Chloé Simone Valdary is an American writer and entrepreneur whose company, Theory of Enchantment, teaches social and emotional learning in schools, as well as diversity and inclusion in companies and government agencies.

Early life and education
Valdary grew up in New Orleans, in a family that belonged to the Seventh-Day Sabbatarian Christian Intercontinental Church of God. In 2015, Valdary graduated magna cum laude from the University of New Orleans, earning a BA in international studies.

Career
Valdary founded a pro-Israel student group, Allies of Israel, while a student at the University of New Orleans.

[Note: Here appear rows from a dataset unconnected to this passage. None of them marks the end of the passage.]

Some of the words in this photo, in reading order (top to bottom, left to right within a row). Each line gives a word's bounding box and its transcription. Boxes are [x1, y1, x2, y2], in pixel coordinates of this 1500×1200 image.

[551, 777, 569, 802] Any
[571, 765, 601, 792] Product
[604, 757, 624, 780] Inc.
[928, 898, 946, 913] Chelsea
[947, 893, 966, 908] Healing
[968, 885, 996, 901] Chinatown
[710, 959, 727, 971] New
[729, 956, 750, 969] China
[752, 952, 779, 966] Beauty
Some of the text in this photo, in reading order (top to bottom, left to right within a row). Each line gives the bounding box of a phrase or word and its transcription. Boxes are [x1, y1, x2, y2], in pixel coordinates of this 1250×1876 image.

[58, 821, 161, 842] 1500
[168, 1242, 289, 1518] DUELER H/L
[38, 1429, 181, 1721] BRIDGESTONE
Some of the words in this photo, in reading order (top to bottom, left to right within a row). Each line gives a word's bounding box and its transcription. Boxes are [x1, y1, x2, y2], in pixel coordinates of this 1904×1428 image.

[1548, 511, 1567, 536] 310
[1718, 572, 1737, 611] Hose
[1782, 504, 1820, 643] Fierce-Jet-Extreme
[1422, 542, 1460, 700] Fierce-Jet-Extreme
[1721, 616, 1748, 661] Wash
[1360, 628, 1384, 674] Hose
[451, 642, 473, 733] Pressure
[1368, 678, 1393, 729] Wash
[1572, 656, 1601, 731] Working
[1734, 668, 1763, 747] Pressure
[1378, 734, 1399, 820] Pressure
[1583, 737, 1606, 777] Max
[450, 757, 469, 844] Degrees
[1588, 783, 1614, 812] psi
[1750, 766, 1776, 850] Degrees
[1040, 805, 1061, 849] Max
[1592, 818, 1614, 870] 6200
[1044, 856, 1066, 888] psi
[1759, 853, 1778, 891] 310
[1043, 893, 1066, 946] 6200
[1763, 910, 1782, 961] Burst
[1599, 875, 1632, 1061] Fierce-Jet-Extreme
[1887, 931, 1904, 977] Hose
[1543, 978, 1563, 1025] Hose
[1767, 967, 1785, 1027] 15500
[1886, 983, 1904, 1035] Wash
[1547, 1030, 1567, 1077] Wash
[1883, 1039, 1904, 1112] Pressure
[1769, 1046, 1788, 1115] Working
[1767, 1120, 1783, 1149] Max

Over the years, she has participated in debates where she represented the Zionist perspective. She is from a Zionist school of thought akin to Rudy Rochman. 

Before 2015, she served as a Robert L. Bartley Fellow and Tikvah fellow under journalist and political commentator Bret Stephens at The Wall Street Journal. In addition to  The Wall Street Journal, Valdary has written articles for The New York Times and The Atlantic magazine.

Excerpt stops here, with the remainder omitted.